La partición inevitable de Afganistán

NUEVA DELHI – Estados Unidos, todavía atrapado en una guerra prolongada en Afganistán que ha demandado un costo asombroso en sangre y dinero, en los próximos días iniciará conversaciones de paz formales con los talibán, su principal opositor en el campo de batalla (aparentemente a pesar de una oposición a último momento del presidente afgano, Hamid Karzai). Estados Unidos está decidido a retirar sus fuerzas después de más de una década de combate, de modo que las conversaciones en Doha, Qatar, están esencialmente destinadas a poder hacerlo "honradamente".

De qué manera el fin de las operaciones de combate lideradas por Estados Unidos incidirá en el futuro de Afganistán va a afectar la seguridad de los países vecinos y los que no lo son. Aquí el interrogante más importante es si el destino de Afganistán, que fue creado como un intercesor entre la Rusia zarista y la India británica, será -o debería ser- diferente del de Irak y Libia (otras dos creaciones imperiales donde Estados Unidos ha tenido una intervención militar en los últimos años).
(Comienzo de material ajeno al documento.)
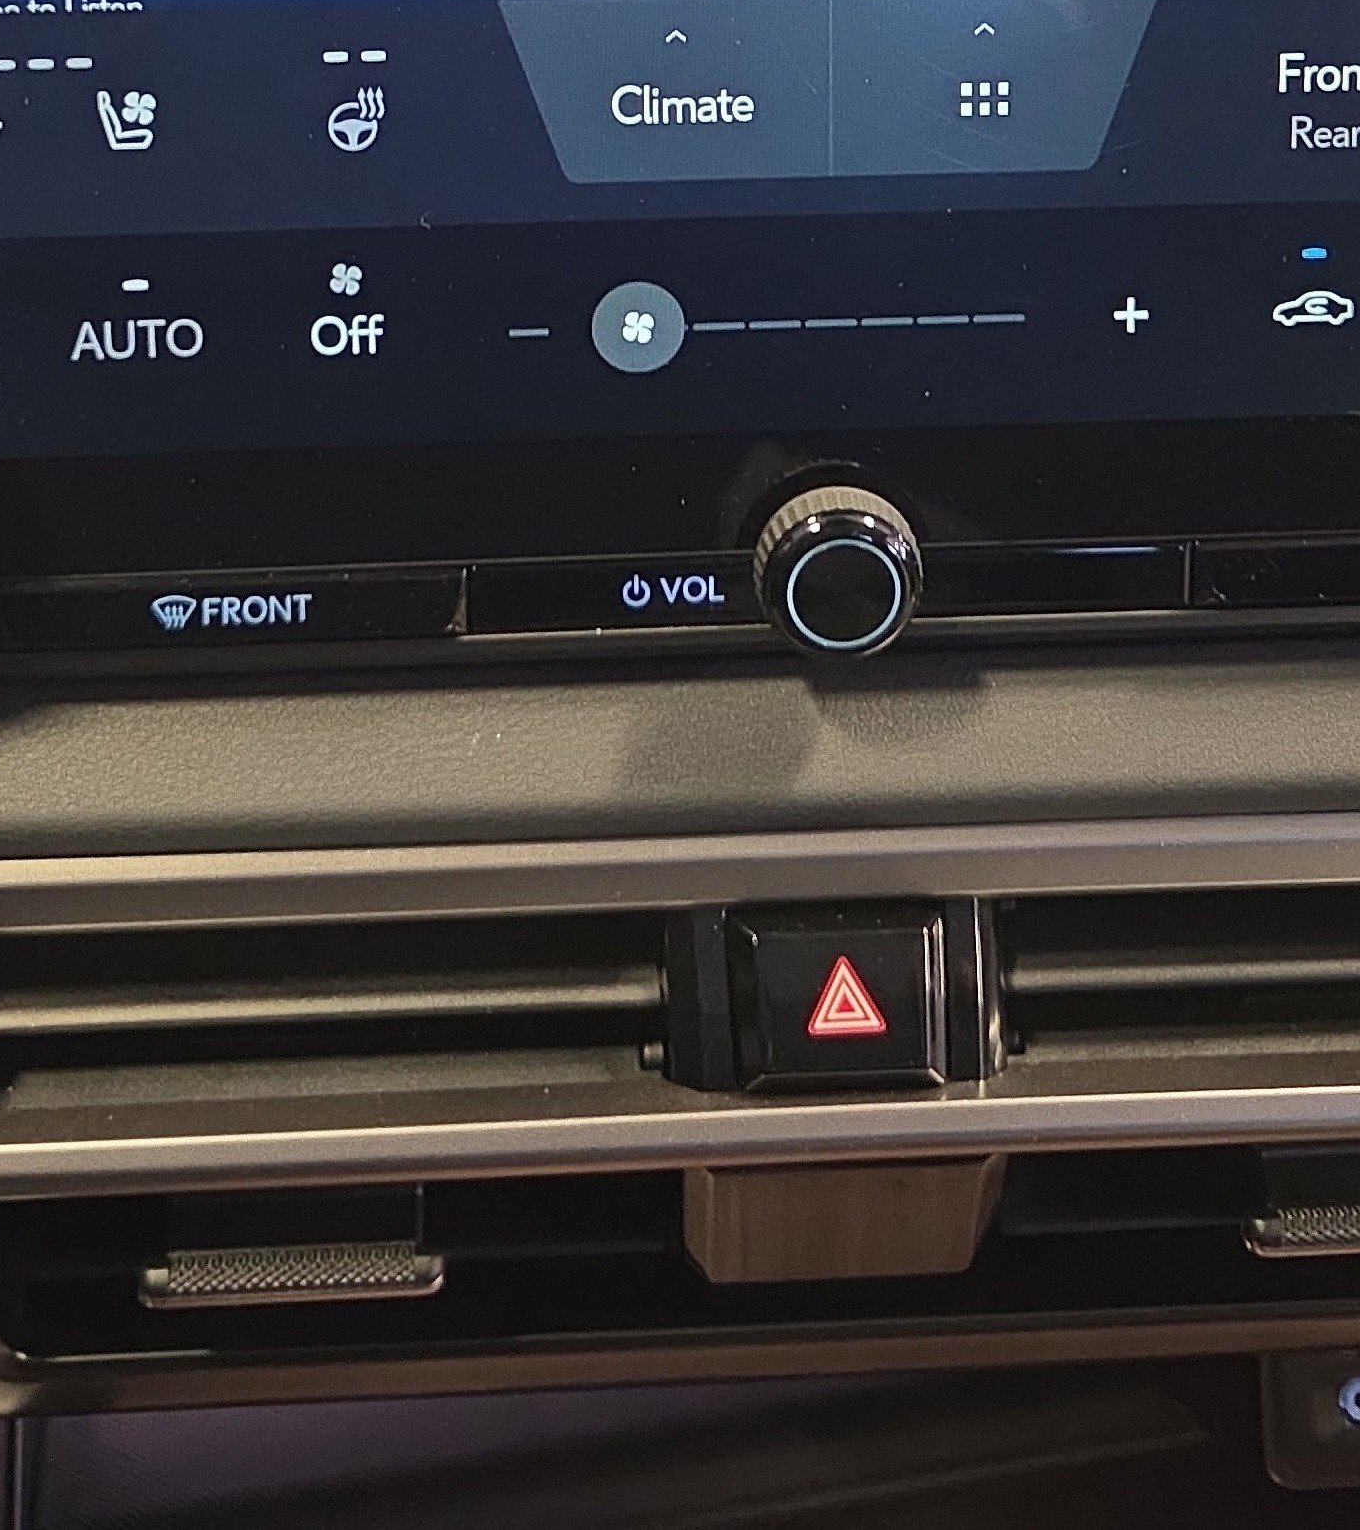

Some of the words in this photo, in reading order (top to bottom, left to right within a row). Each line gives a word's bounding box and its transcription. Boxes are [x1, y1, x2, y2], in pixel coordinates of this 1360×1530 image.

[611, 84, 754, 129] Climate
[70, 318, 204, 362] AUTO
[310, 315, 384, 358] Off
[201, 594, 312, 626] FRONT
[659, 576, 724, 605] VOL
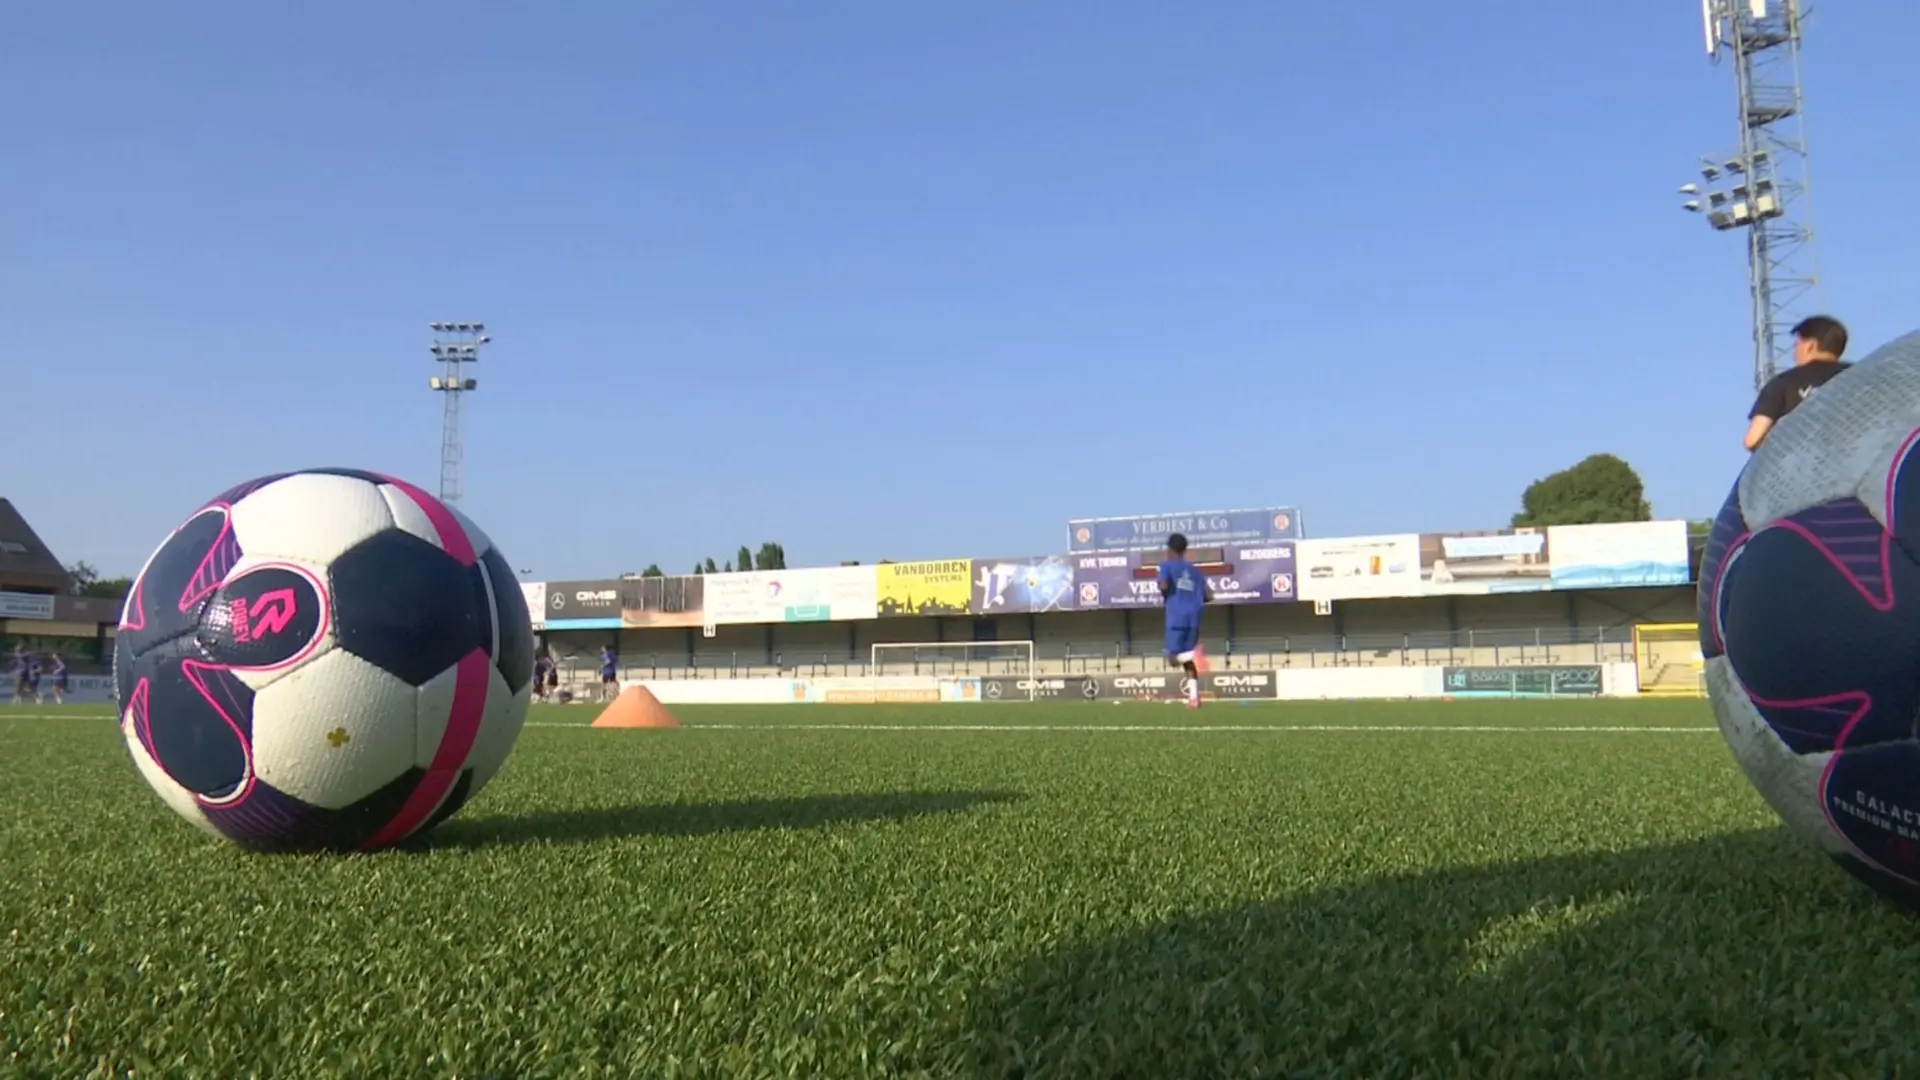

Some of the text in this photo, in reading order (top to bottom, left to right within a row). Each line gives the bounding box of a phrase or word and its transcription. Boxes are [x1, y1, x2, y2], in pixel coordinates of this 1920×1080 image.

[1132, 516, 1194, 534] VERBIEST
[1210, 516, 1228, 530] Co
[894, 561, 968, 576] VANBORREN
[1220, 576, 1240, 590] Co
La intervención militar extranjera puede provocar un cambio de régimen, pero evidentemente no puede restablecer el orden mediante un gobierno centralizado. Irak ha sido dividido en regiones chiitas, suníes y kurdas, mientras que Libia parece encaminada hacia un acuerdo territorial tripartito y tribal. En Afganistán también una división "suave" al estilo iraquí puede ser el mejor desenlace posible.